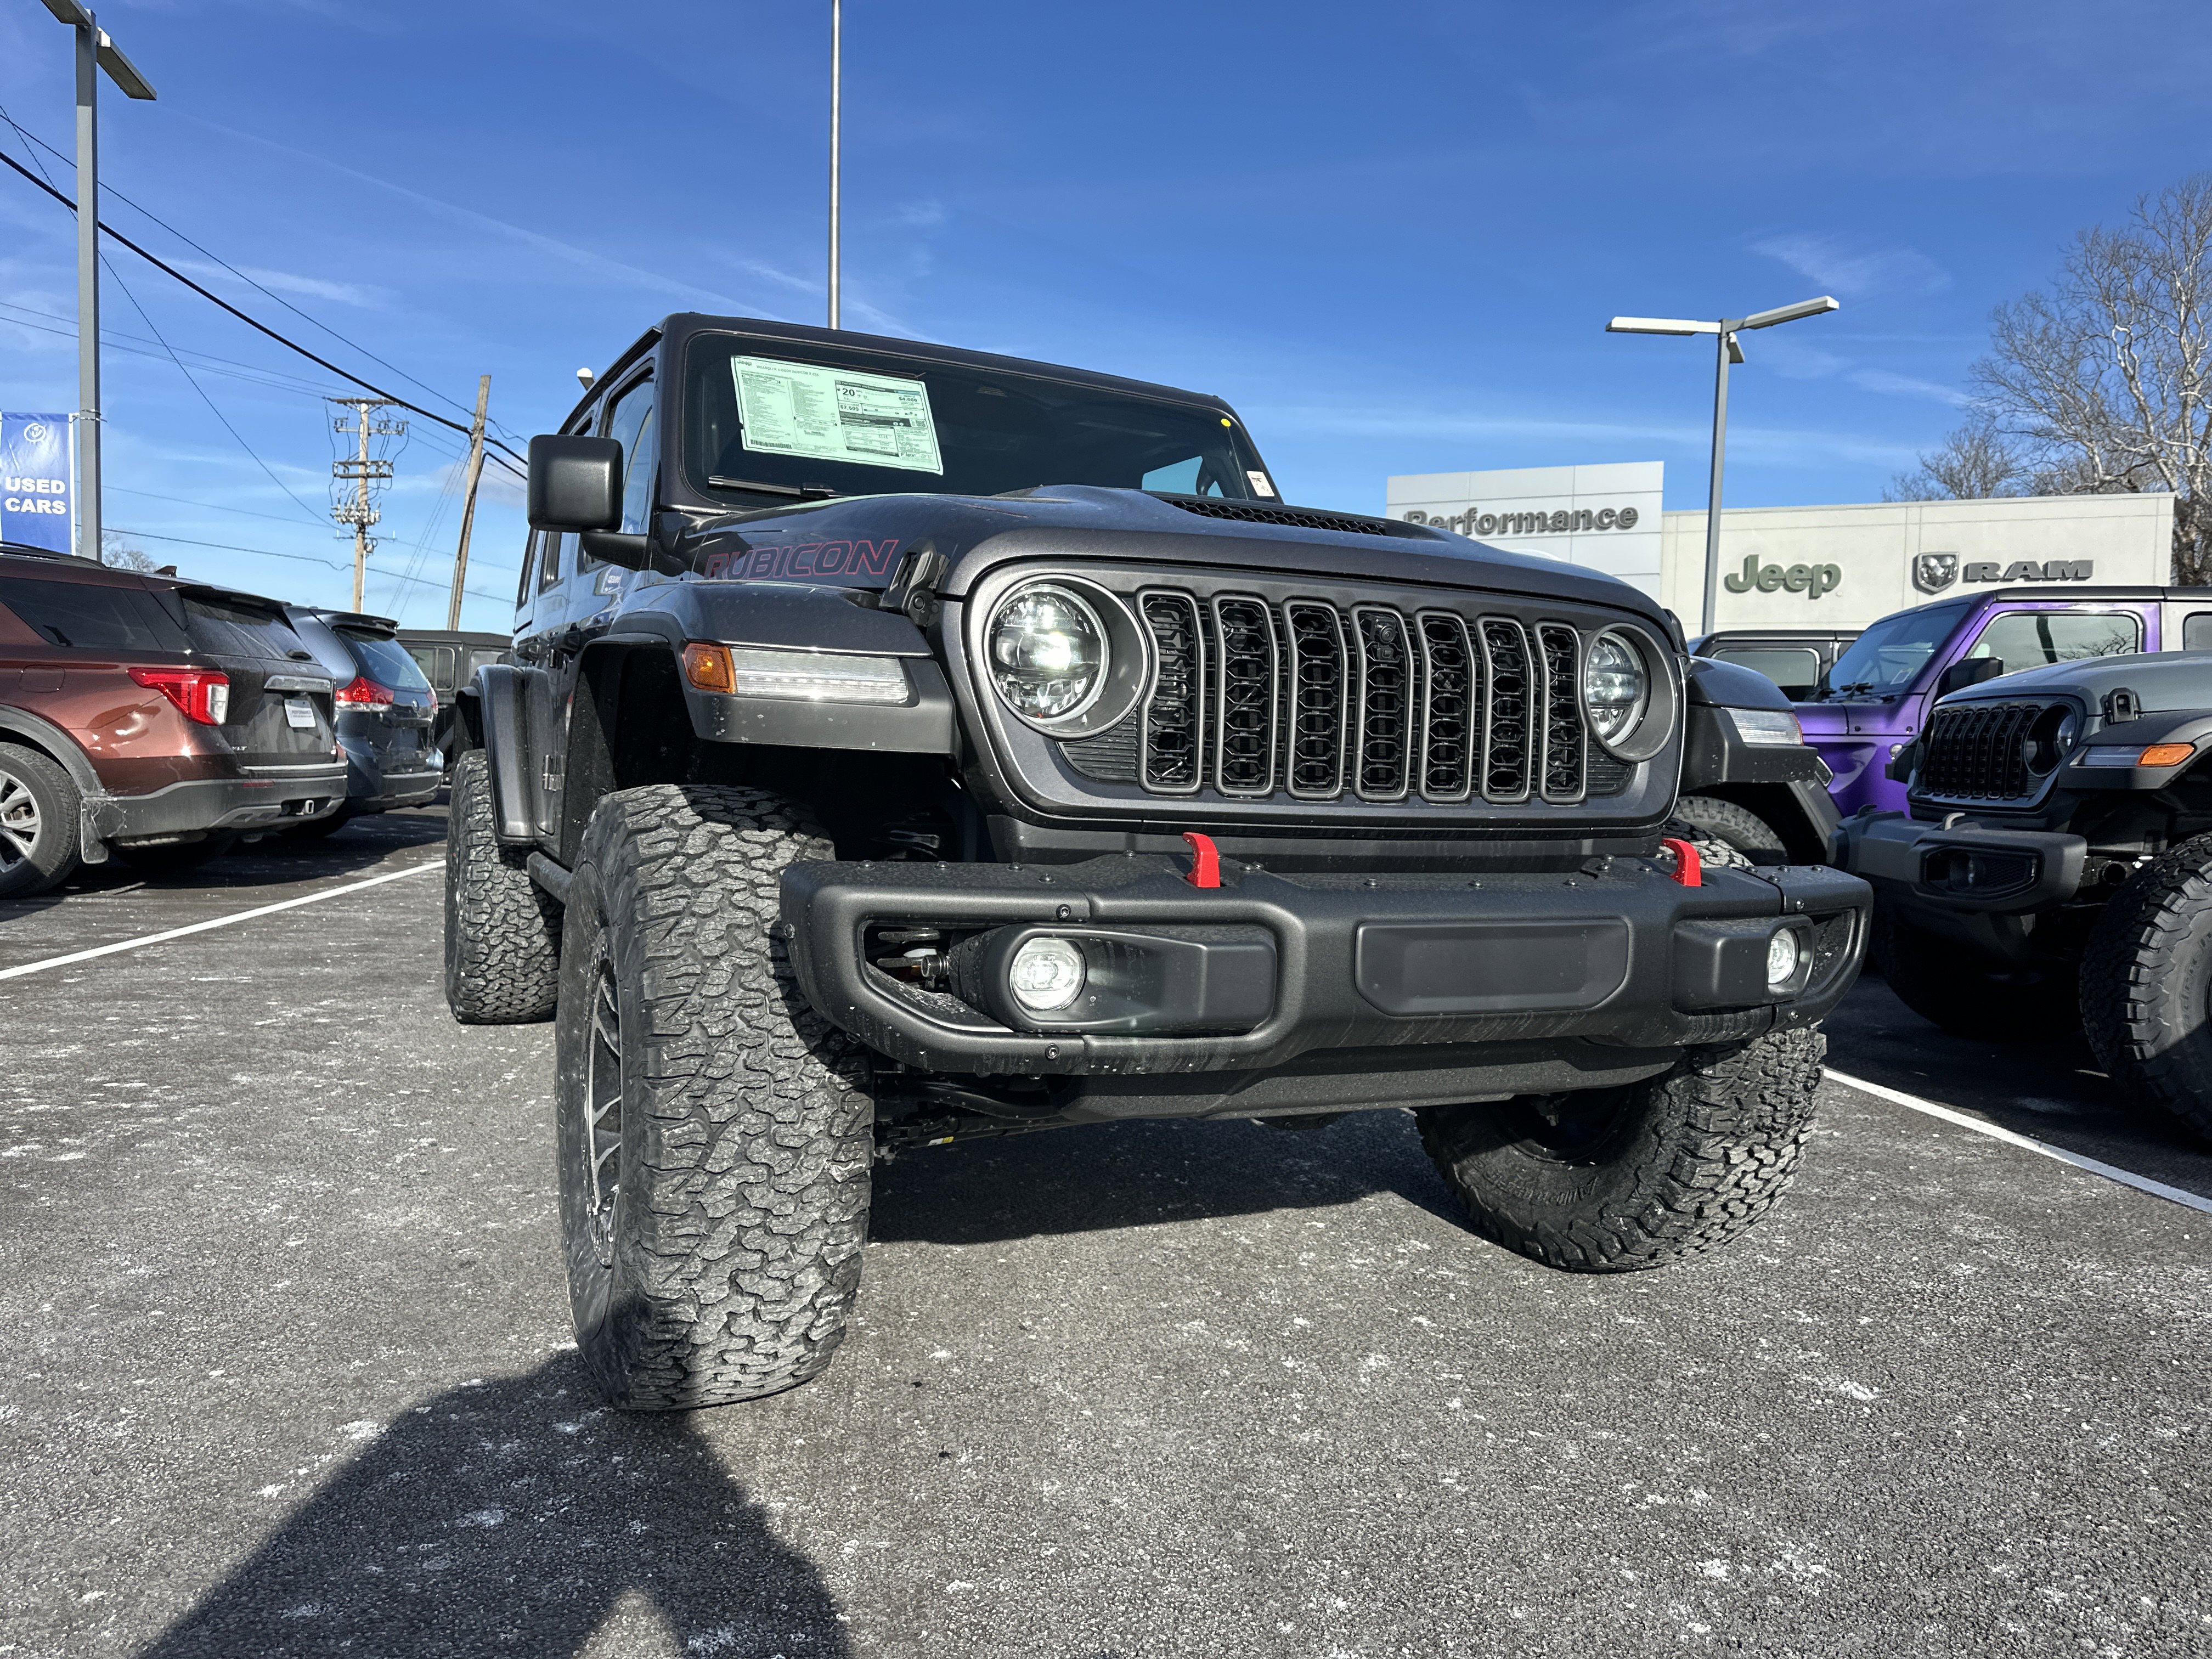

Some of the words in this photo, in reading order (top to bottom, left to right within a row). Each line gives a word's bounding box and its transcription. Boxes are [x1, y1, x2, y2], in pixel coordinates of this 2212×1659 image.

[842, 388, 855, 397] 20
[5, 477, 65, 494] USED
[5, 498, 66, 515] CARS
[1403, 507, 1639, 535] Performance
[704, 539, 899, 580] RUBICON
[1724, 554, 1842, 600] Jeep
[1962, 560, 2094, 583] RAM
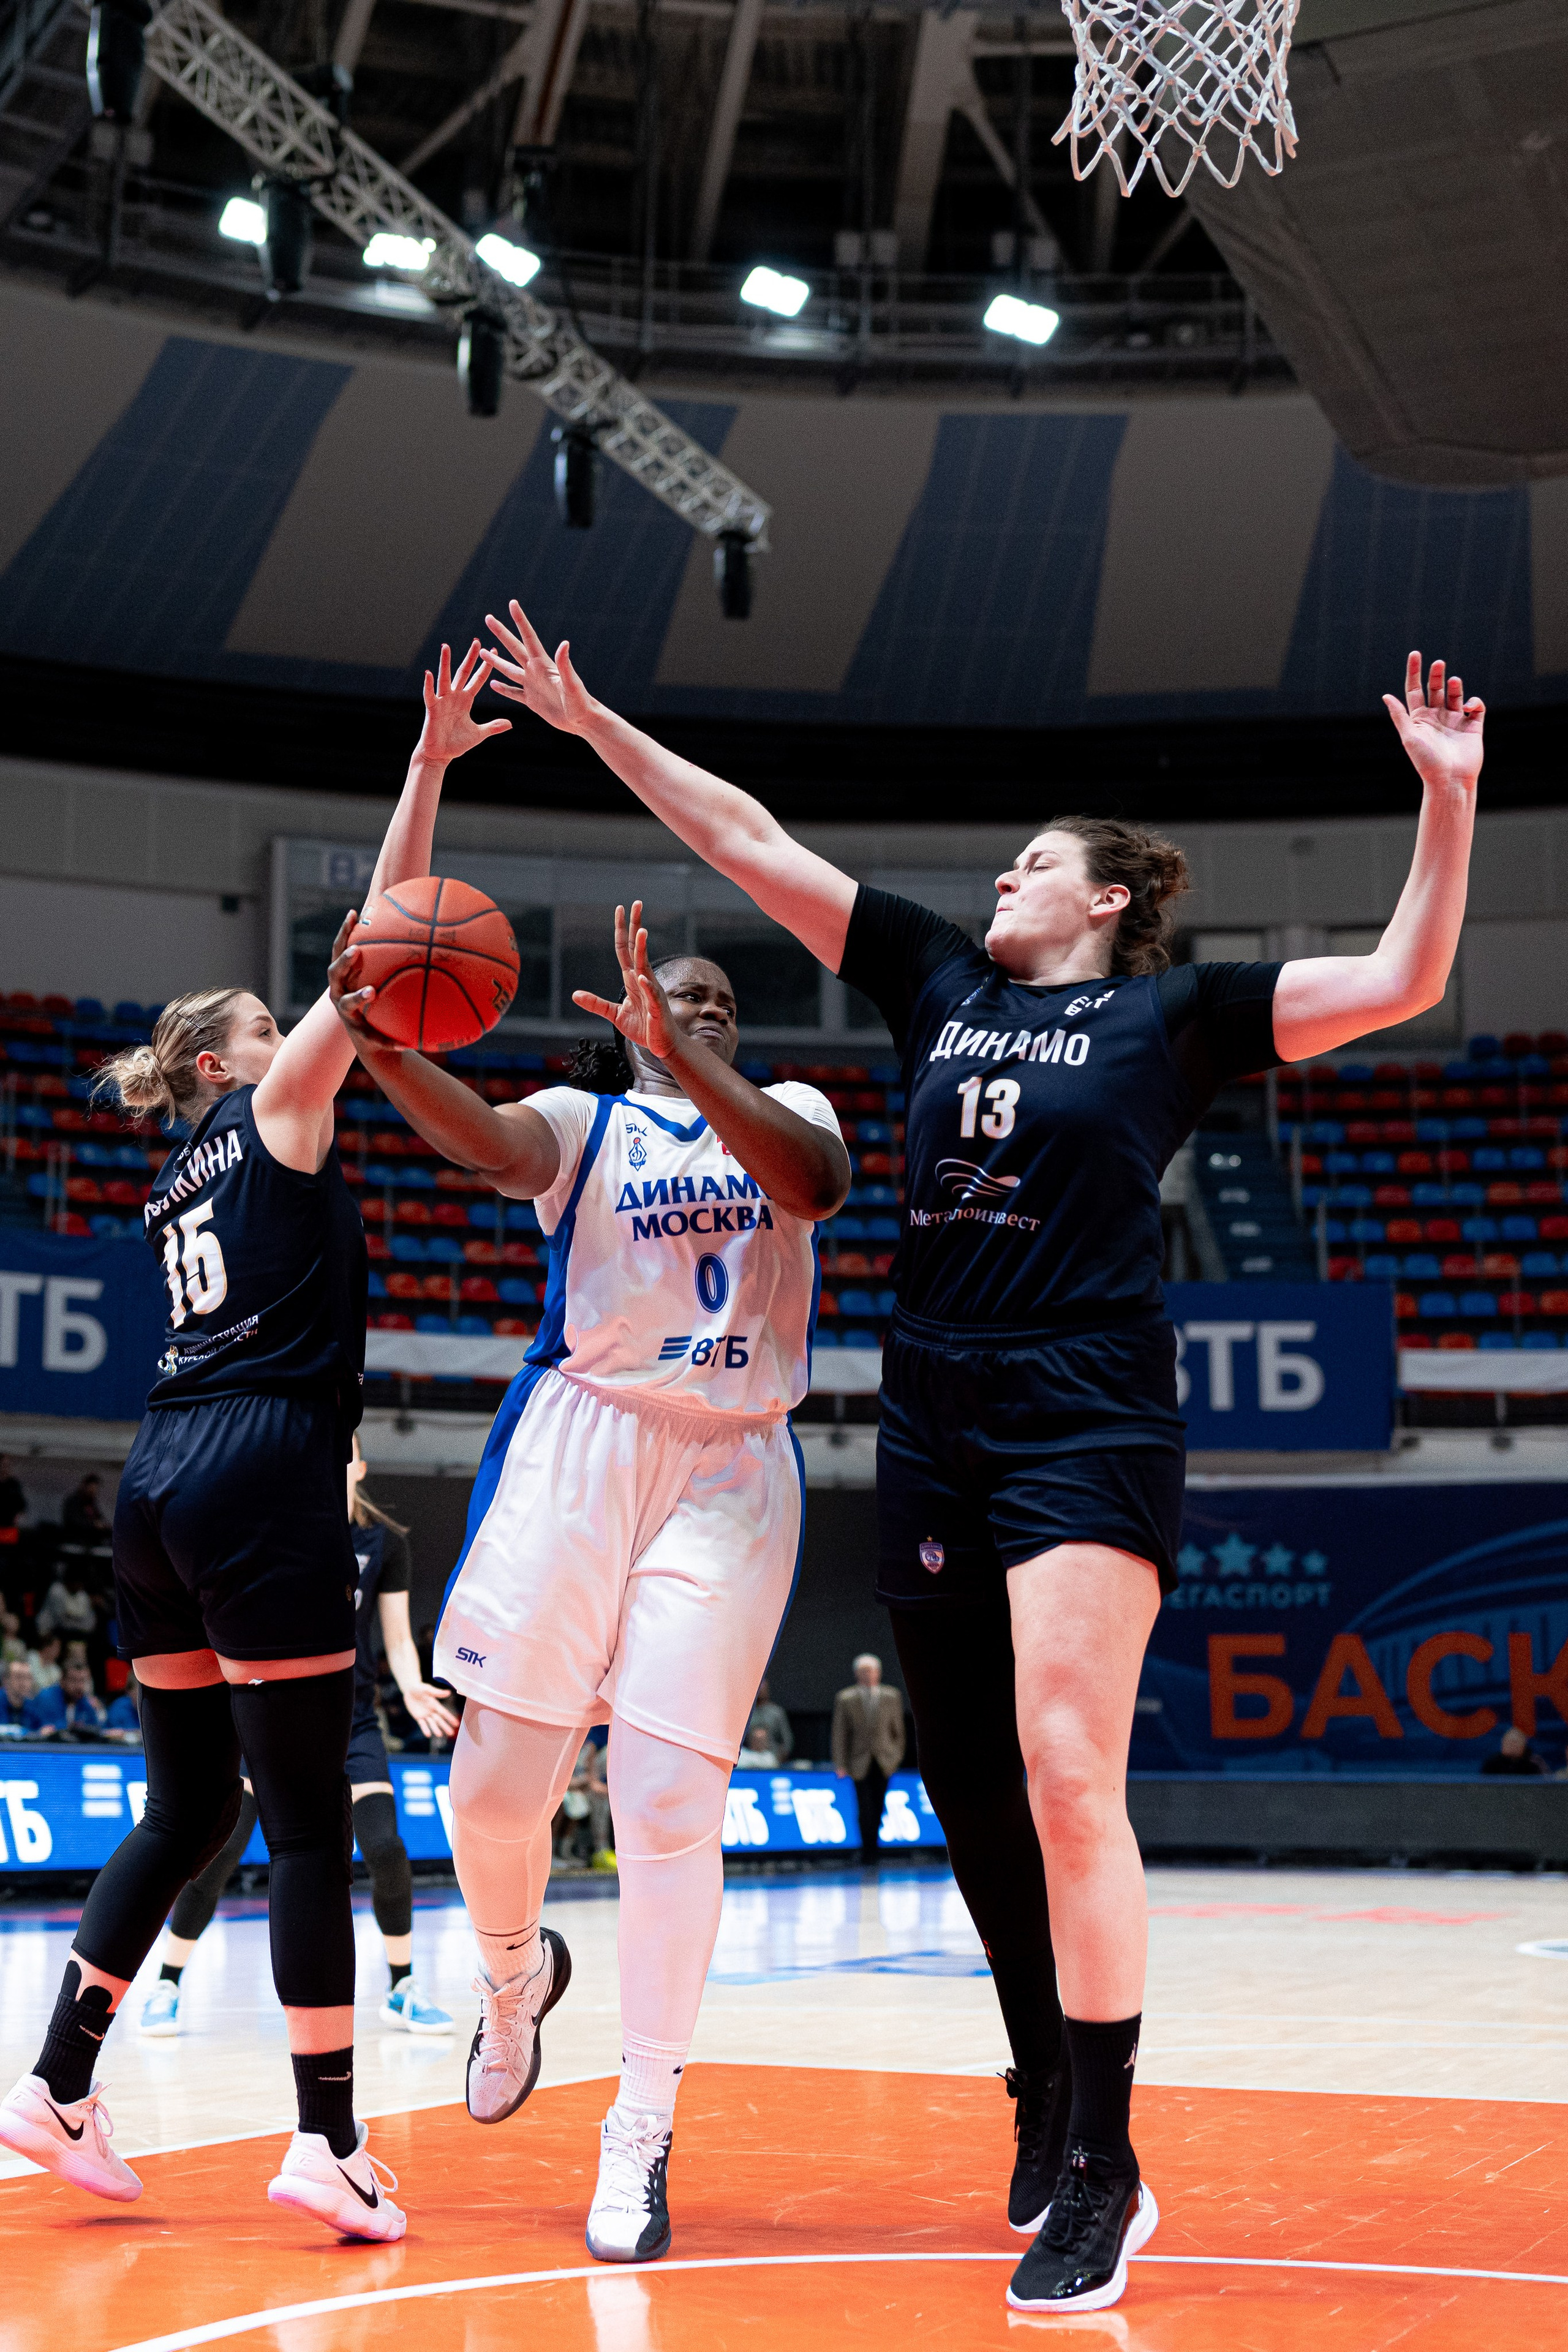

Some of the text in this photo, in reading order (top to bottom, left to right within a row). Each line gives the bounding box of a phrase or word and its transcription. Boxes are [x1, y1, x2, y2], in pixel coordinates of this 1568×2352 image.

*WHAT TO WORK ON*. Quote everything in the listing above exactly; pictures are the only thing to omit.

*TASK OUTPUT*.
Some of the words in this photo, in reading order (top to bottom, left to right within a row). Each line gives a word's bounding box and its transcription. Boxes are [x1, y1, x2, y2], in pixel coordinates of this 2212×1659 image.

[842, 388, 855, 397] 20
[5, 477, 65, 494] USED
[5, 498, 66, 515] CARS
[1403, 507, 1639, 535] Performance
[704, 539, 899, 580] RUBICON
[1724, 554, 1842, 600] Jeep
[1962, 560, 2094, 583] RAM

Some of the text in this photo, in reading order (top to bottom, left to right within a row). Each line gives the bounding box of a phrase or word and its transcription. Boxes are [x1, y1, x2, y2], in pixel coordinates of this 1568×2352 image.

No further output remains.